> **Task**: Restate every line below word for word, but drop each picture.
:::
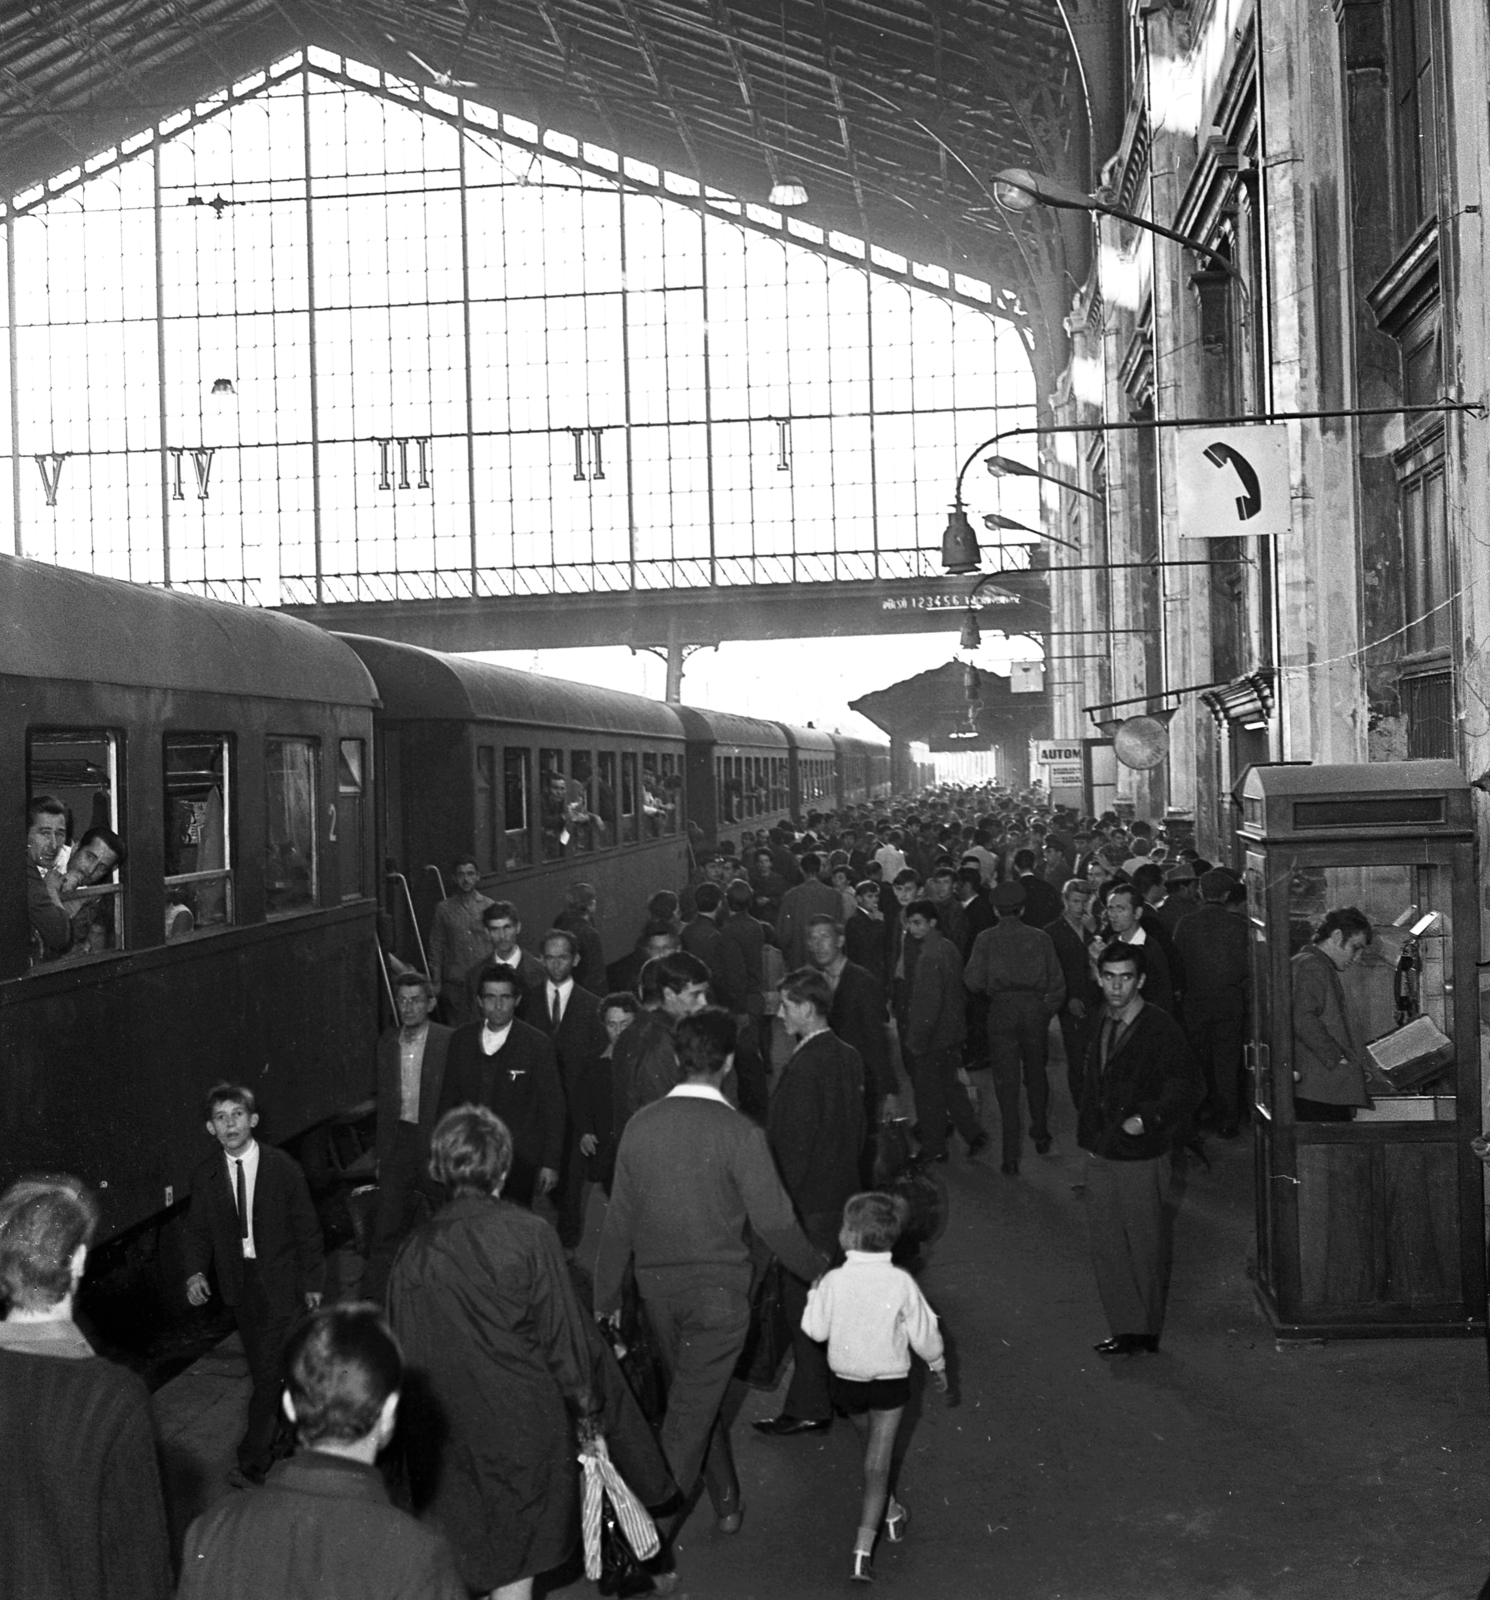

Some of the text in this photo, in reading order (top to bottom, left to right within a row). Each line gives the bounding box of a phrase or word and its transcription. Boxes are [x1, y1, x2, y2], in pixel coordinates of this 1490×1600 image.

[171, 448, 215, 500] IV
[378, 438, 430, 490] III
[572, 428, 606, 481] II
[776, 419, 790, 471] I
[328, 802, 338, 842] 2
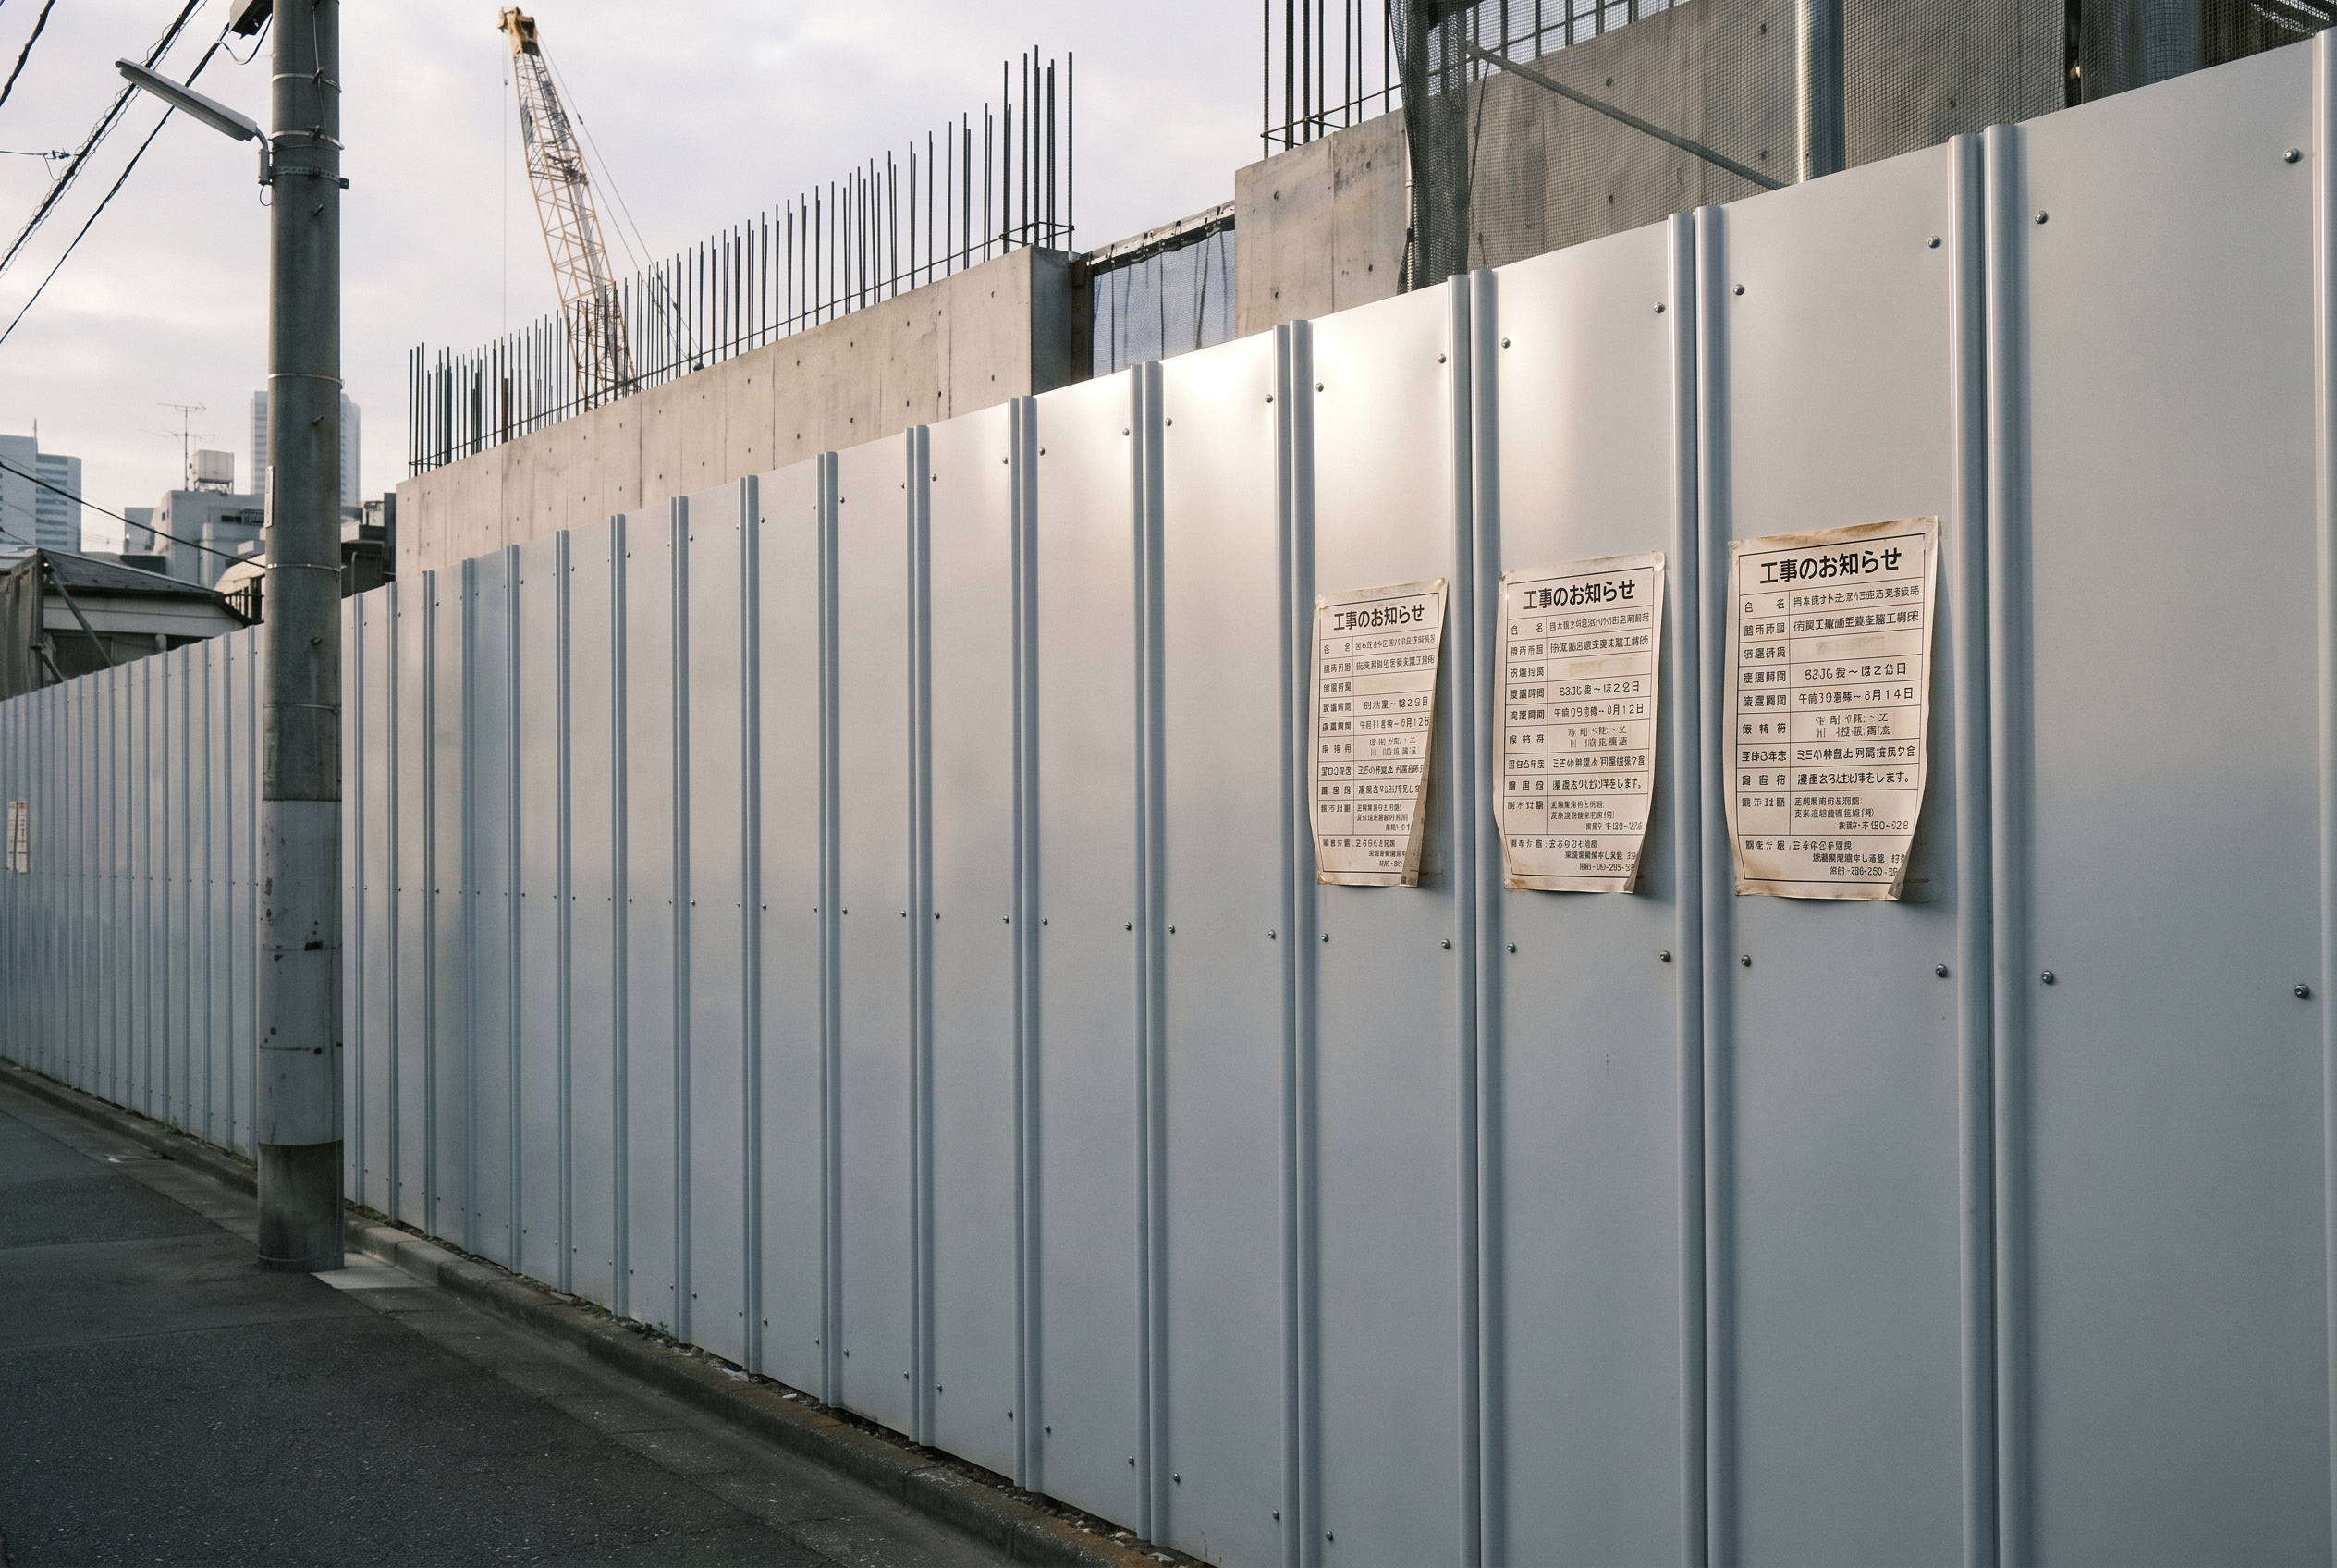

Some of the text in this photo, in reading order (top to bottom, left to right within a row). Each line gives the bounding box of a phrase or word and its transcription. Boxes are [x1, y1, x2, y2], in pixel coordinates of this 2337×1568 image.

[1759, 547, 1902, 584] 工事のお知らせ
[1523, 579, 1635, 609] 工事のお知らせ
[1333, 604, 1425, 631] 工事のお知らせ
:::
> **Solution**:
Some of the text in this photo, in reading order (top to bottom, left to right within a row). Each line gives the bounding box of a phrase or word and its transcription. Boxes are [x1, y1, x2, y2], in pixel coordinates of this 1490×1600 image.

[171, 448, 215, 500] IV
[378, 438, 430, 490] III
[572, 428, 606, 481] II
[776, 419, 790, 471] I
[328, 802, 338, 842] 2

Some of the text in this photo, in reading order (top to bottom, left to right within a row). Each line gives the bounding box of a phrase or word and its transcription. Boxes are [x1, y1, x2, y2], in pixel coordinates of this 2337×1568 image.

[1759, 547, 1902, 584] 工事のお知らせ
[1523, 579, 1635, 609] 工事のお知らせ
[1333, 604, 1425, 631] 工事のお知らせ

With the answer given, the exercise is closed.